Input data:
-.-.-
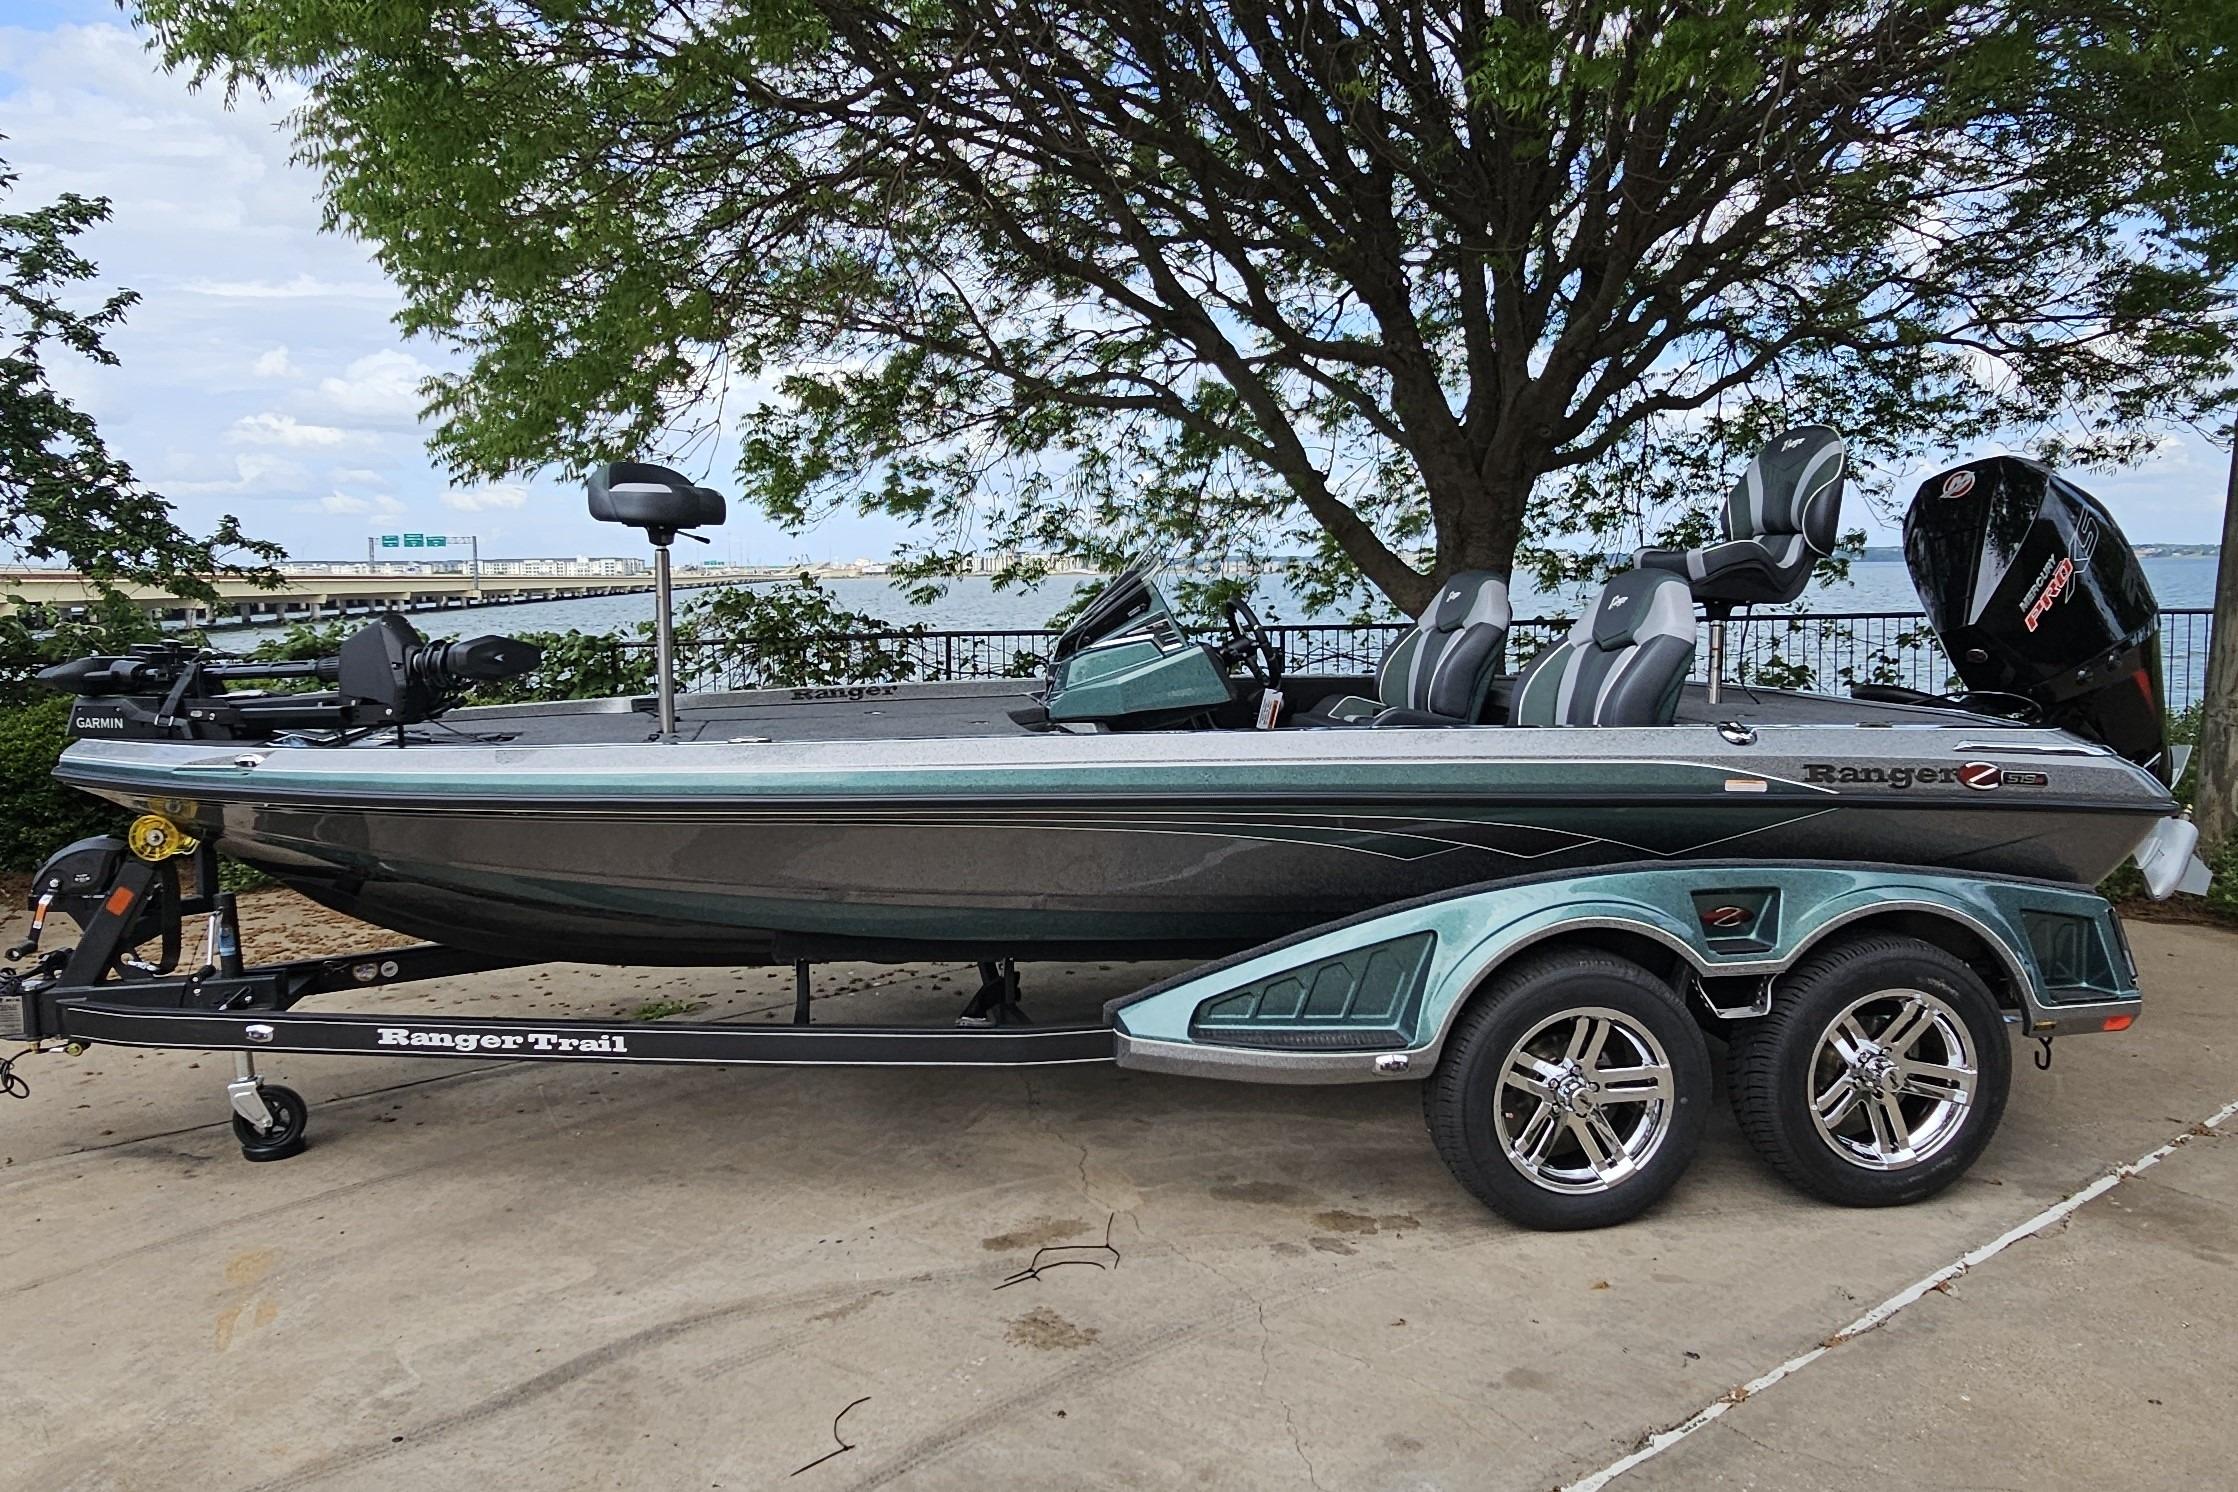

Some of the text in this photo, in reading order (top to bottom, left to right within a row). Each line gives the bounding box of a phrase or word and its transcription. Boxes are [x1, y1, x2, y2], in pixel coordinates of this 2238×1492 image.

[2019, 553, 2056, 612] MERCURY
[2025, 558, 2073, 632] PRO
[789, 686, 898, 700] Ranger
[76, 717, 123, 729] GARMIN
[1803, 763, 1958, 789] Ranger
[377, 1028, 627, 1052] Ranger Trail
-.-.-
Assigned task:
Please transcribe the entries exactly, omitting the images.

Task solution:
Some of the text in this photo, in reading order (top to bottom, left to right within a row). Each line gives the bounding box of a phrase or word and its transcription. Boxes are [x1, y1, x2, y2], in pixel coordinates of this 2238×1492 image.

[2019, 553, 2056, 612] MERCURY
[2025, 558, 2073, 632] PRO
[789, 686, 898, 700] Ranger
[76, 717, 123, 729] GARMIN
[1803, 763, 1958, 789] Ranger
[377, 1028, 627, 1052] Ranger Trail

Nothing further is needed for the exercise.